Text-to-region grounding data
*** Begin section ***

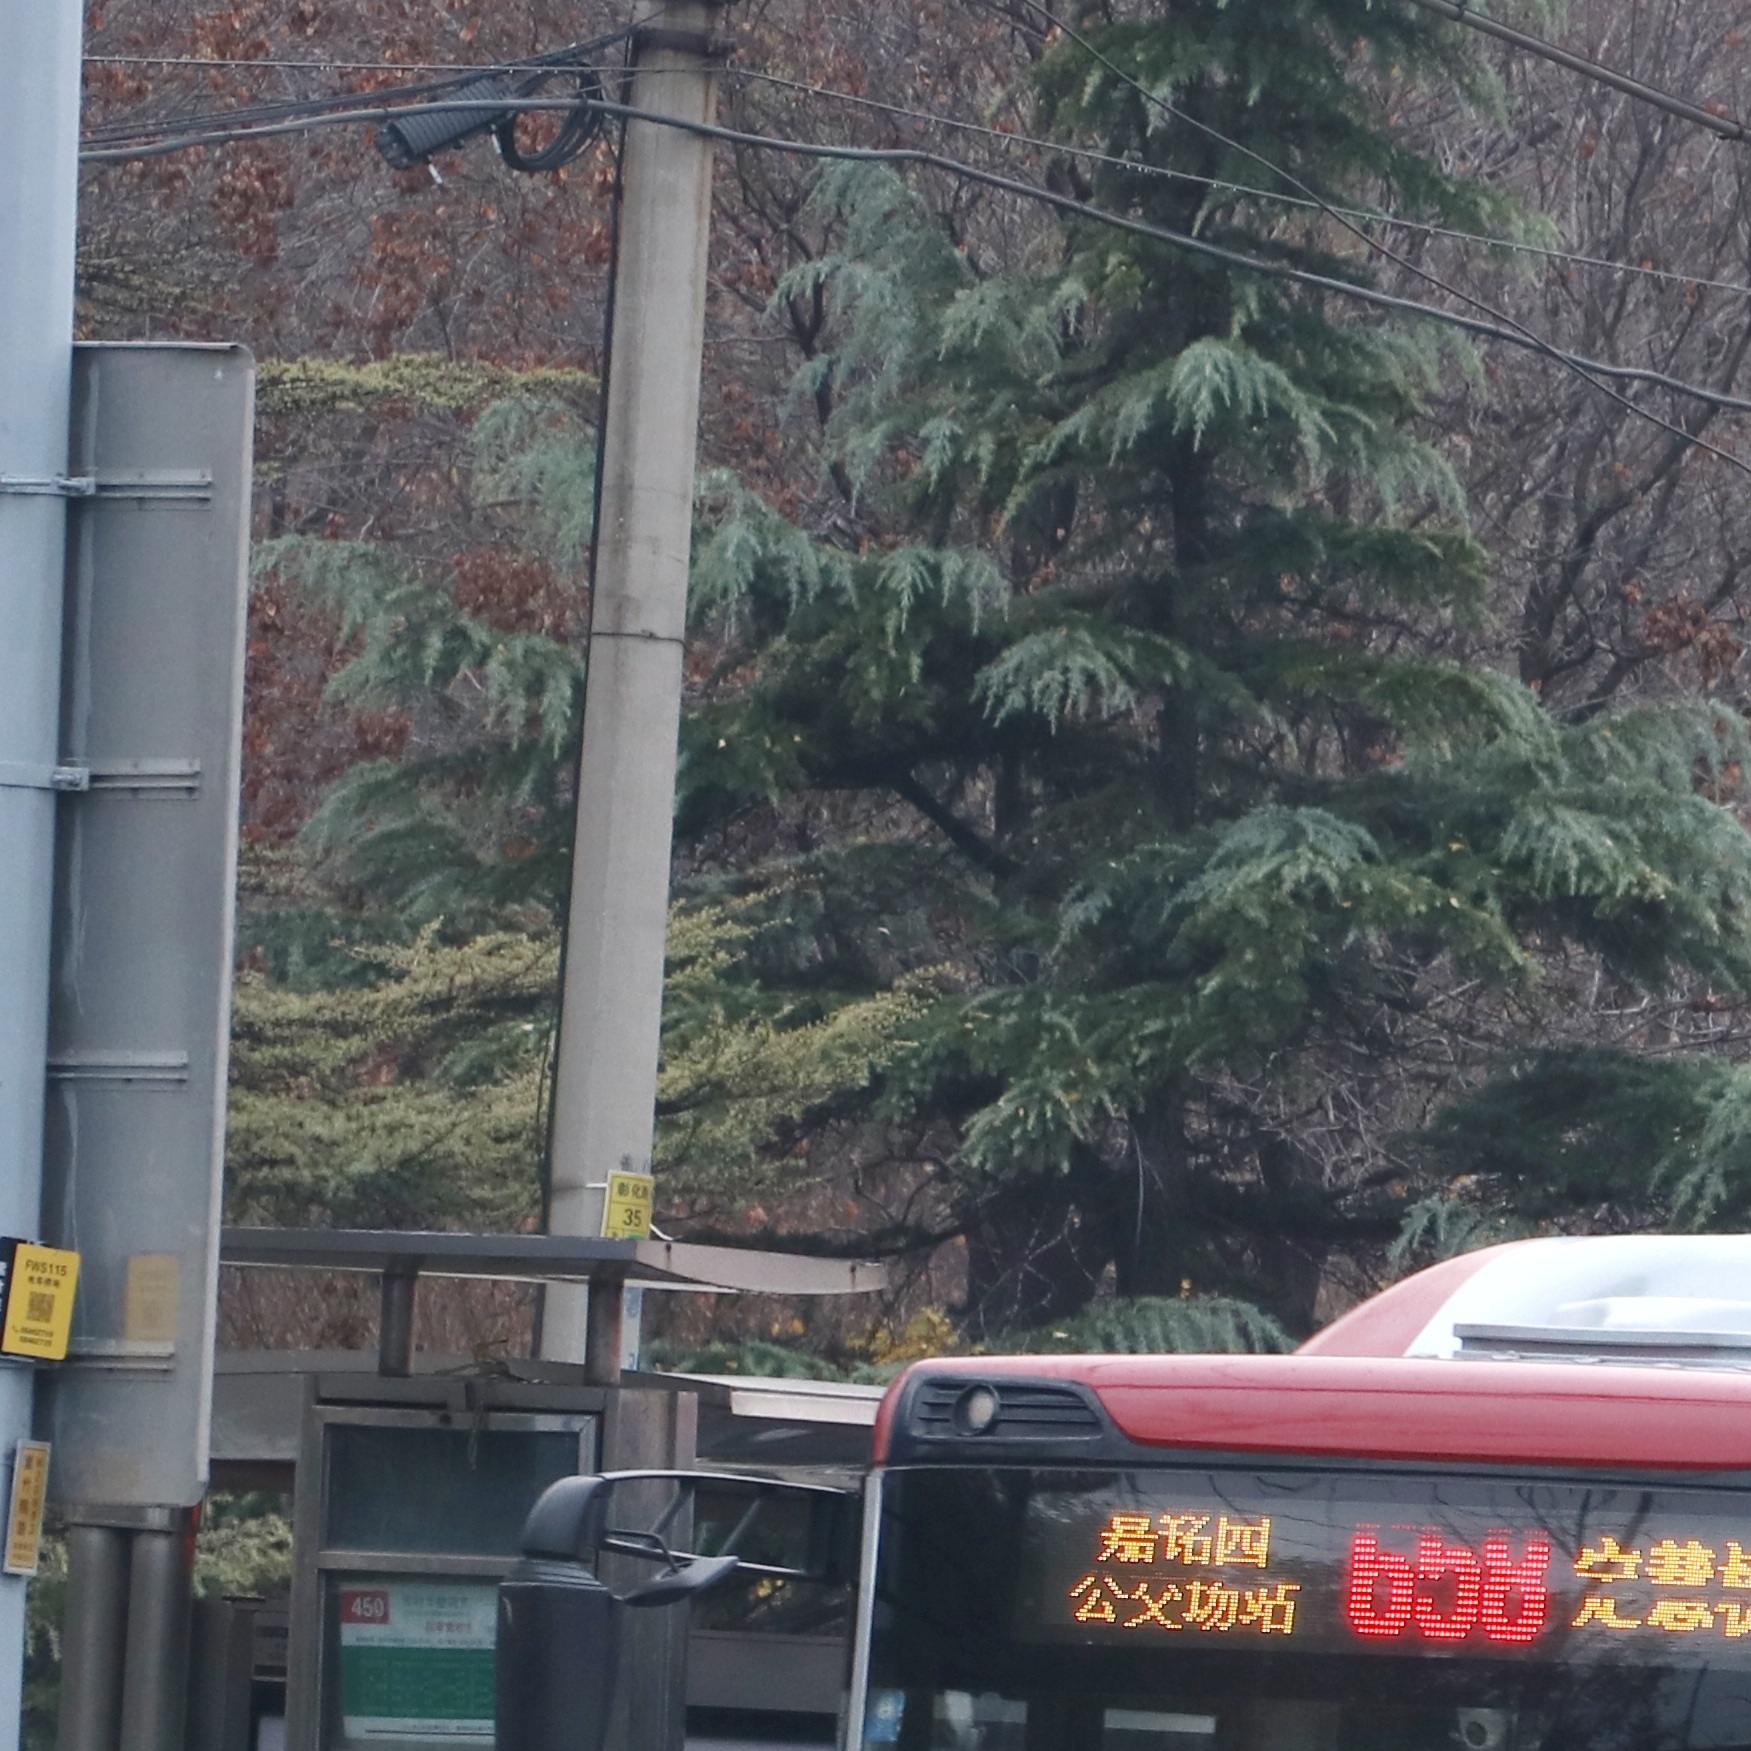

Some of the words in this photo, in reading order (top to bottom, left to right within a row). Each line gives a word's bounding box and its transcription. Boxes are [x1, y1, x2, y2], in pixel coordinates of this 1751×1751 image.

[623, 1208, 642, 1228] 35
[25, 1259, 67, 1277] FWS115
[1348, 1526, 1550, 1642] 658
[351, 1596, 385, 1618] 450

*** End section ***

THE TASK -
All of the data above needs to be given again exactly. Leave out each image.

REPLY TO THE EXERCISE -
Some of the words in this photo, in reading order (top to bottom, left to right within a row). Each line gives a word's bounding box and its transcription. Boxes are [x1, y1, x2, y2], in pixel coordinates of this 1751×1751 image.

[623, 1208, 642, 1228] 35
[25, 1259, 67, 1277] FWS115
[1348, 1526, 1550, 1642] 658
[351, 1596, 385, 1618] 450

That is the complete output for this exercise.